There was a pause, then someone said, “We’re pretty well all here.”

“One of the men stood and asked, ‘Am I a better man if I attack someone in the forest, steal their mobile phone, sell it and feed my children? Or am I better man if I go to bed at night listening to my children crying themselves to sleep because they have no food?’
“Another youth jumped to his feet and said, ‘Please, please, find me employment. It’s very frightening attacking people in the forest.’”

From then on, the group as able to work with the community, providing some employment, setting rules for gathering wood and feed within the forest, and other benefits. They were aided especially by some dedicated local conservationists, including John Chege and Charity Munyasia, to fence some of the area and open it to public visits. More than 3,000 people visited the forest in the first month after the fence and gates opened, and 2,000 the following month. The group has ambitious plans for improvements that will make the visitor experience even better.

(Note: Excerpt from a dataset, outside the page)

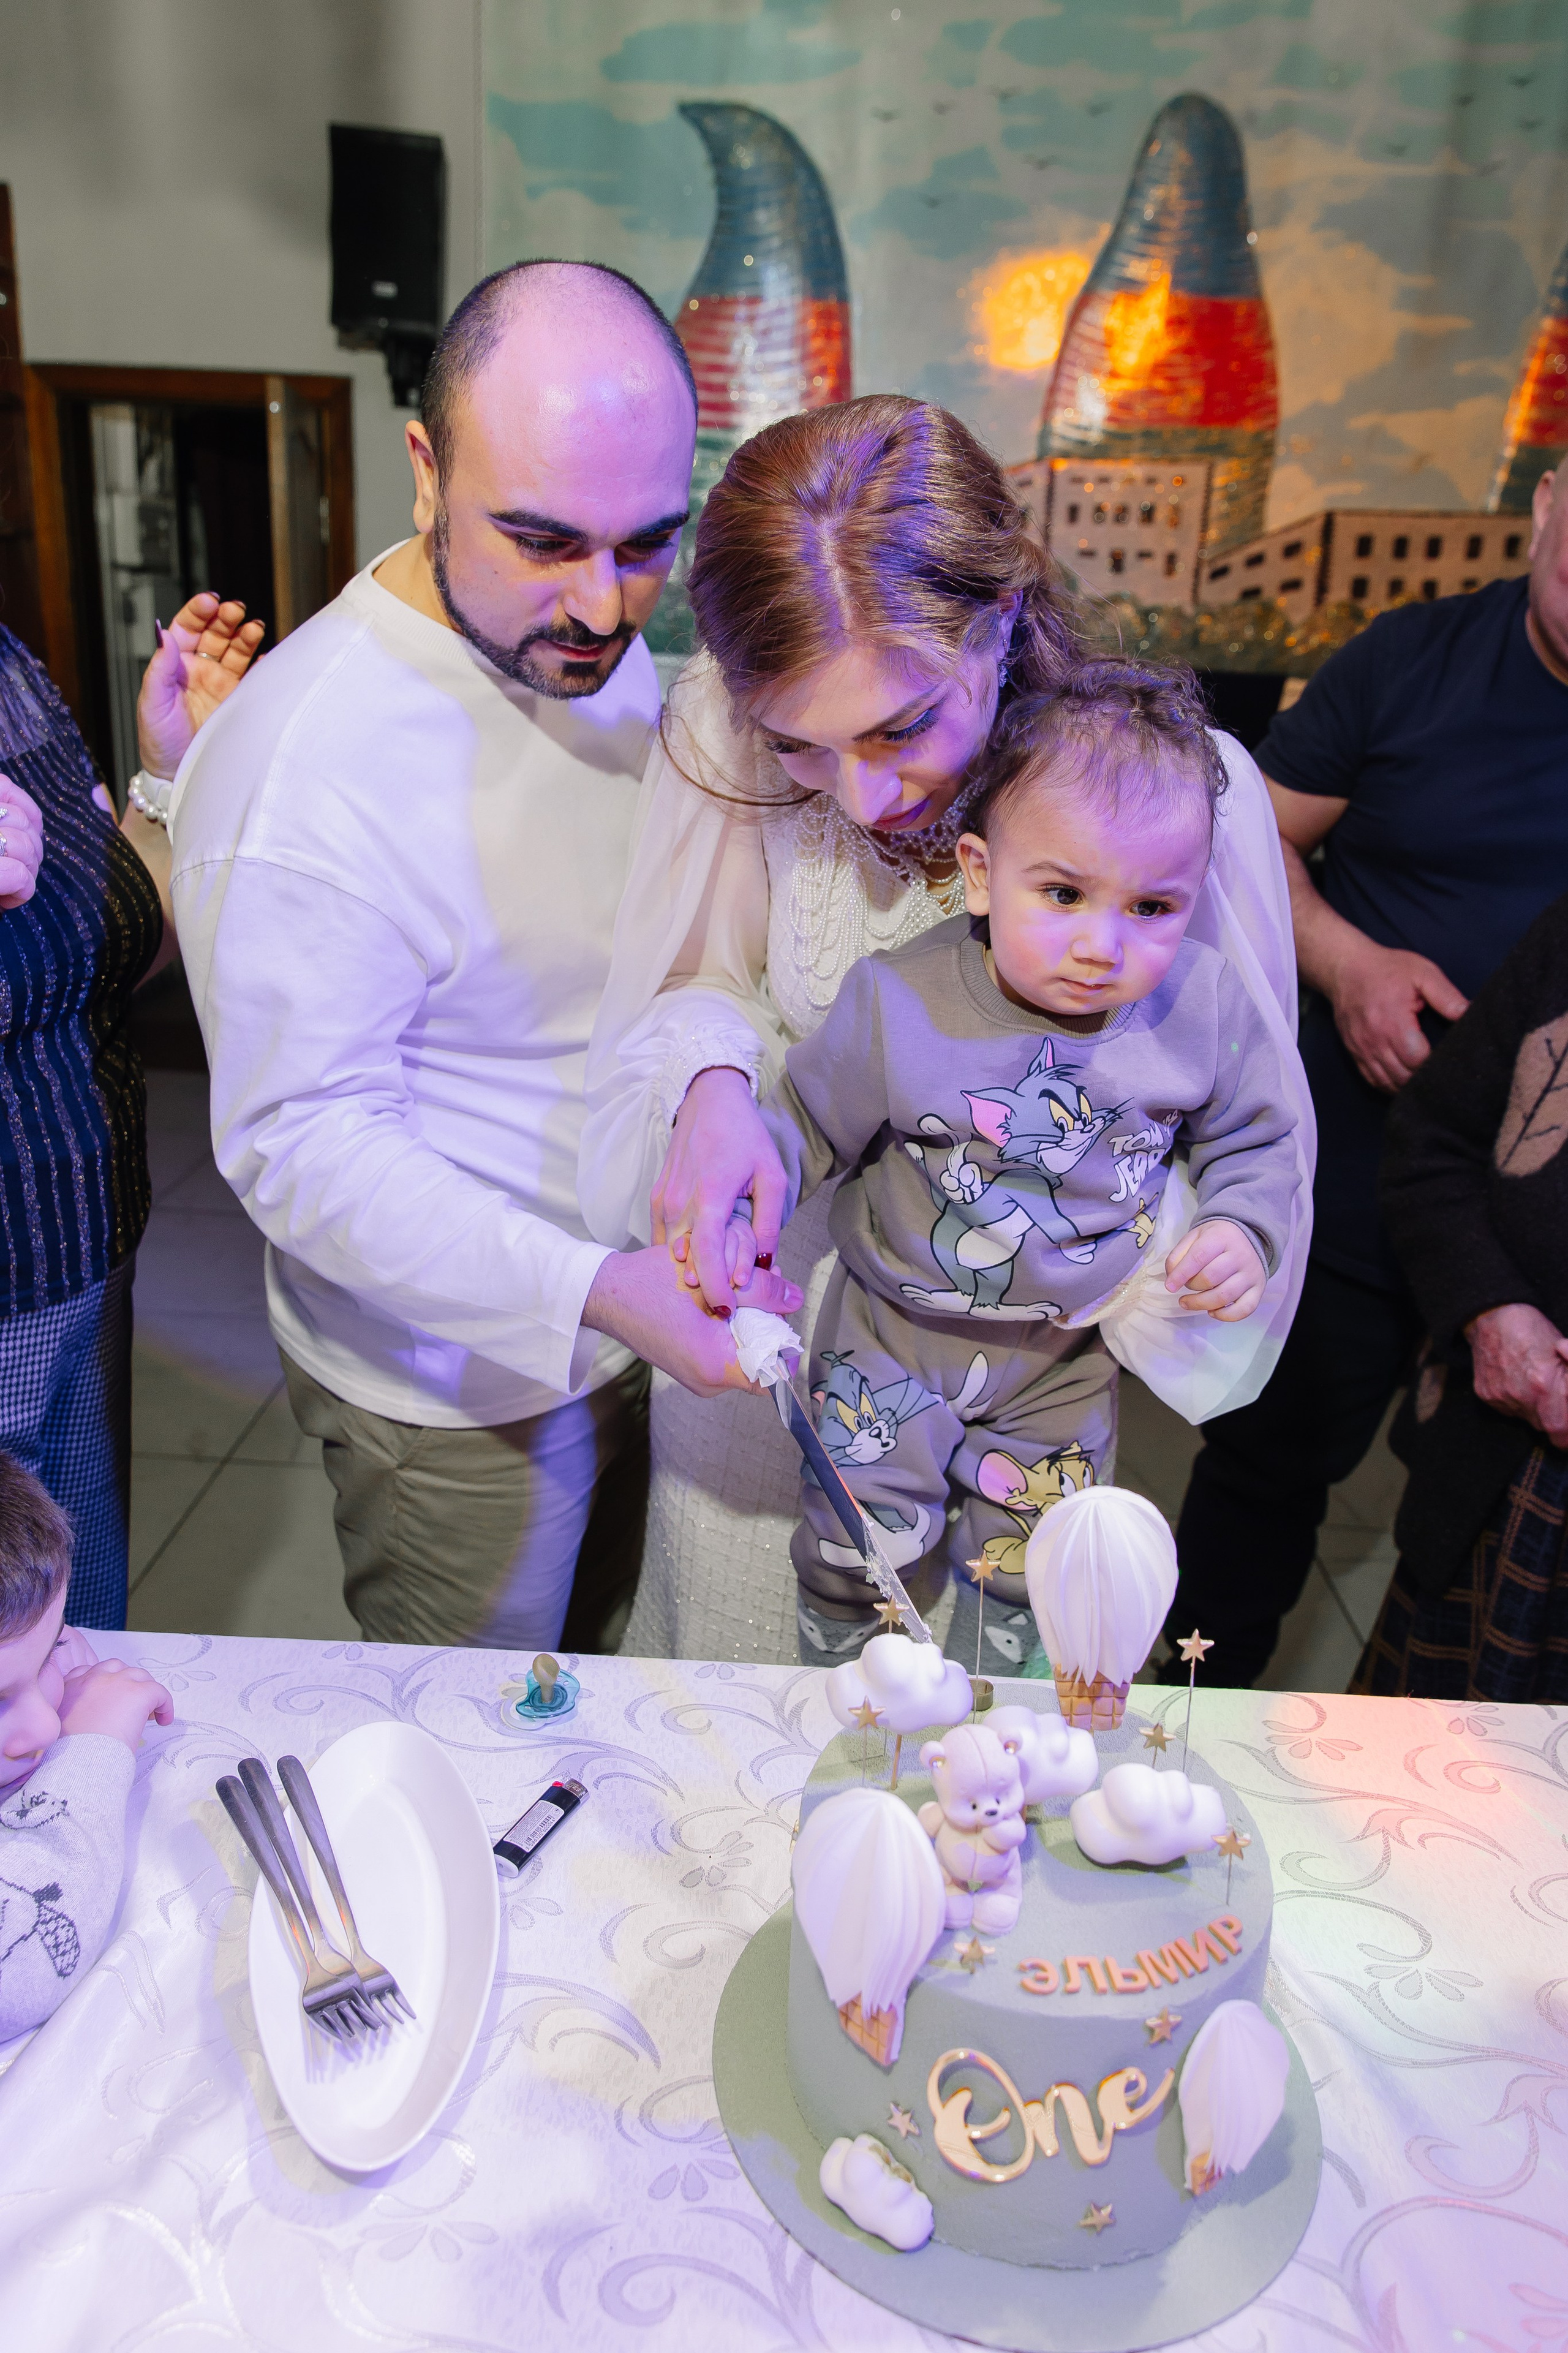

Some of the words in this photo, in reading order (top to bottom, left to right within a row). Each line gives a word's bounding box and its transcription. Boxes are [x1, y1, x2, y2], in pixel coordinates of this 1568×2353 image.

[1107, 1120, 1164, 1157] TOM
[1018, 1914, 1243, 1995] ЭЛЬМИР
[927, 2047, 1175, 2183] One

The forest contains a three-tiered waterfall, three rivers, bamboo groves, and more than 50 kilometers of hiking trails. There are also caves of historic interest from the time of the Mau Mau rebellion. Wildlife includes bush baby, bushbuck, bush pig, civet, dik dik, duiker, epauletted bat, genet and porcupine. Conservationists are considering reintroduction of the colobus monkey, which was once populous there, but has been eliminated from the area.

The forest is one of the largest gazetted forests in the world located entirely within city limits. There is a tiered fee for entering.
Macaire spoke at the KMS event held at the Louis Leakey Auditorium on Wednesday, 13 April, 2011.